RECORD EXTRACTS below:

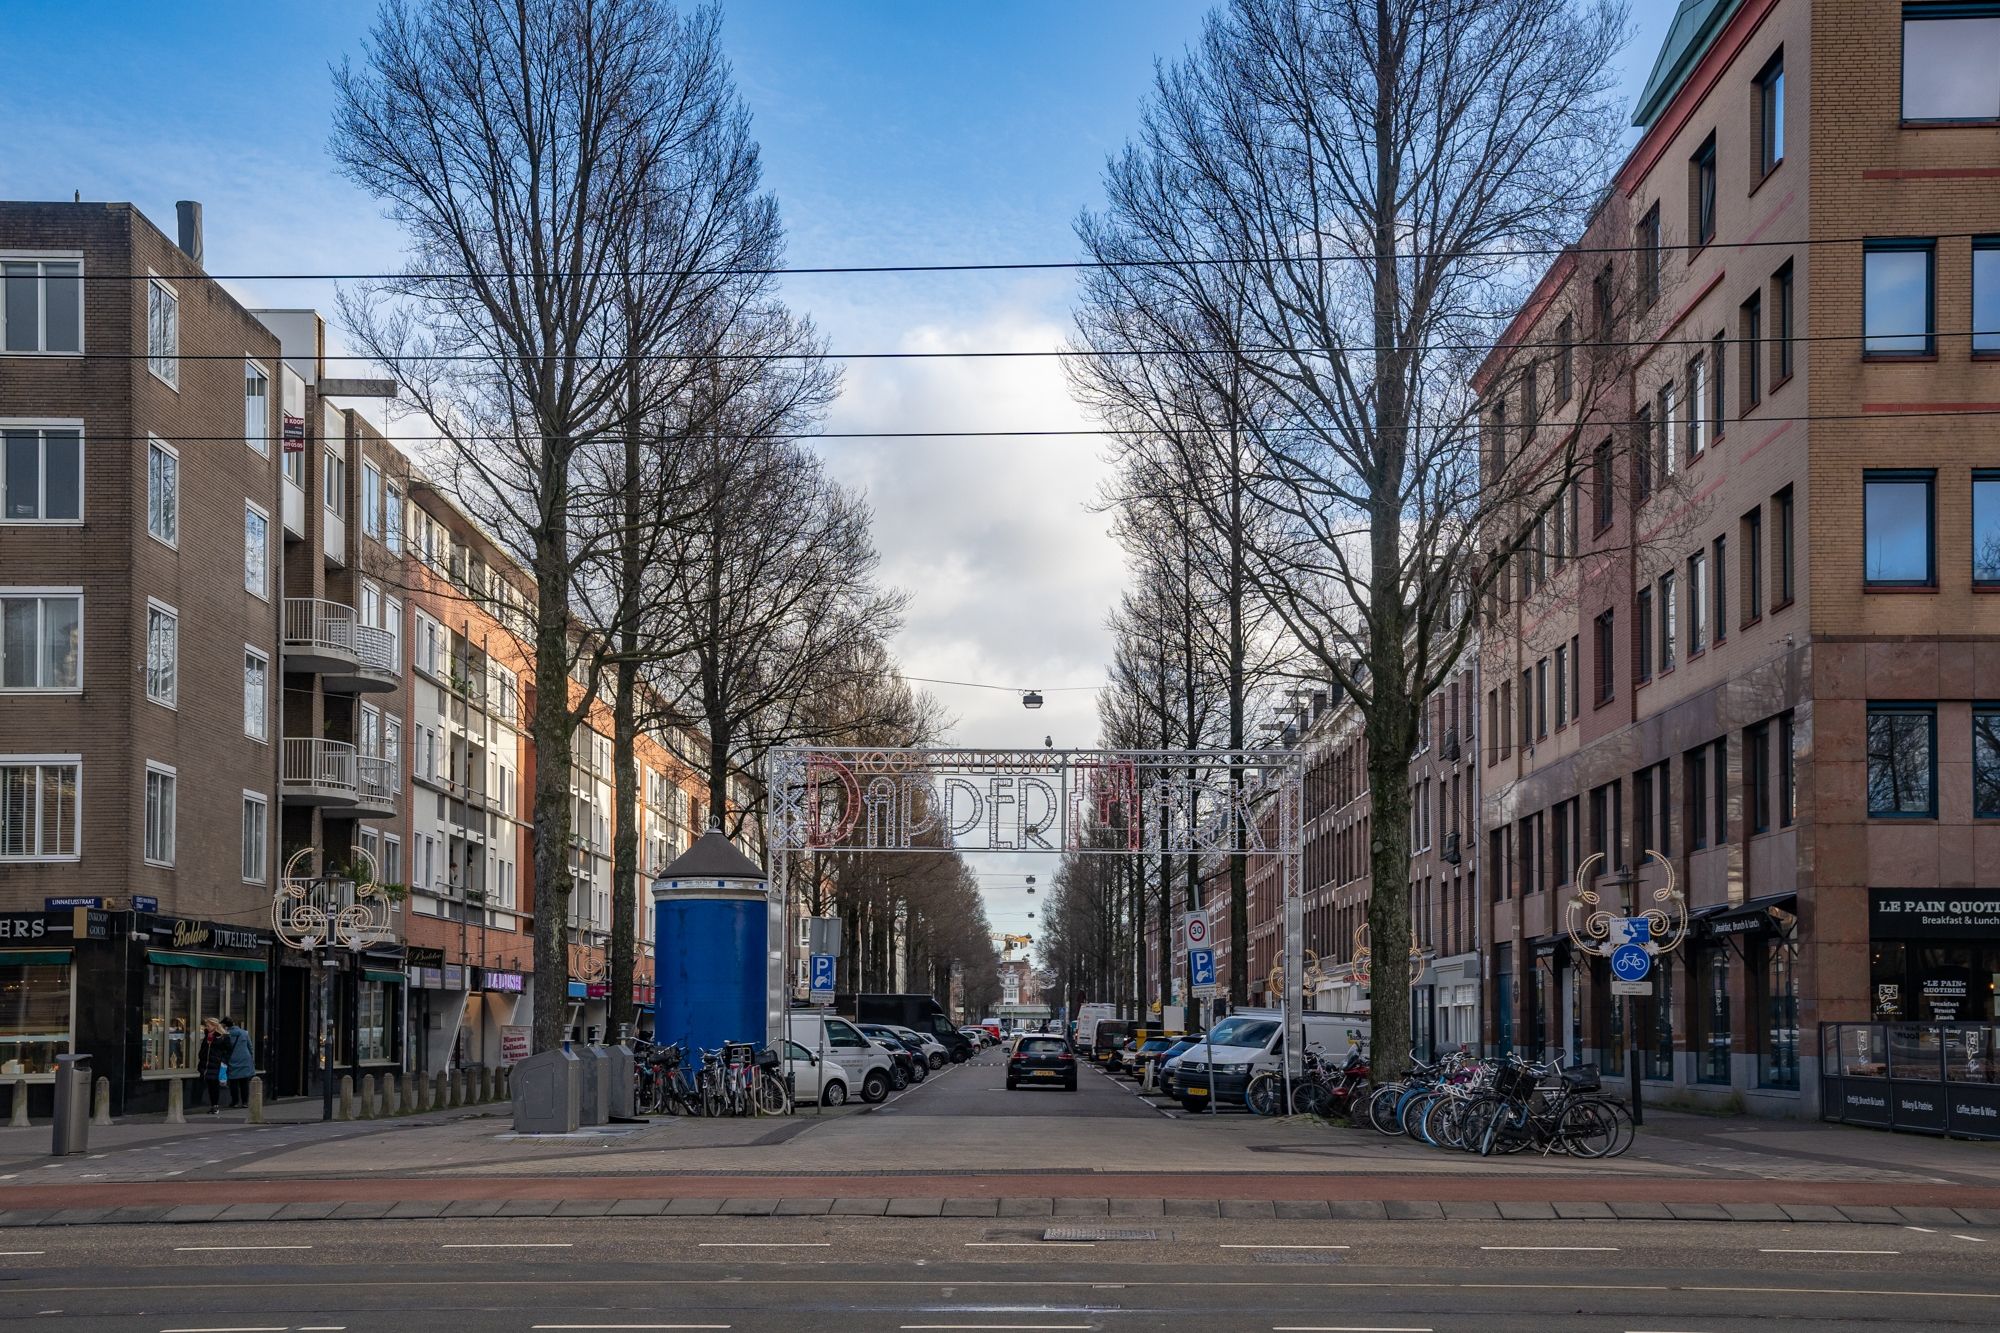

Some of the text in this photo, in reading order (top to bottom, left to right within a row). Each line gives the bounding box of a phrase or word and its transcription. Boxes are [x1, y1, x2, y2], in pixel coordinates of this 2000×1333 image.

[807, 755, 1057, 850] DAPPER
[1879, 901, 1900, 912] LE
[1904, 901, 1946, 912] PAIN
[1922, 916, 2000, 925] Breakfast & Lunch
[89, 926, 106, 936] GOUD
[1192, 926, 1202, 935] 30
[213, 929, 258, 949] JUWELIERS
[817, 958, 828, 974] P
[1196, 953, 1208, 970] P

End of RECORD EXTRACTS.

ASSIGNED TASK - Transcribe the listing exactly; omit all images.

SOLUTION TO THIS PROBLEM -
Some of the text in this photo, in reading order (top to bottom, left to right within a row). Each line gives the bounding box of a phrase or word and its transcription. Boxes are [x1, y1, x2, y2], in pixel coordinates of this 2000×1333 image.

[807, 755, 1057, 850] DAPPER
[1879, 901, 1900, 912] LE
[1904, 901, 1946, 912] PAIN
[1922, 916, 2000, 925] Breakfast & Lunch
[89, 926, 106, 936] GOUD
[1192, 926, 1202, 935] 30
[213, 929, 258, 949] JUWELIERS
[817, 958, 828, 974] P
[1196, 953, 1208, 970] P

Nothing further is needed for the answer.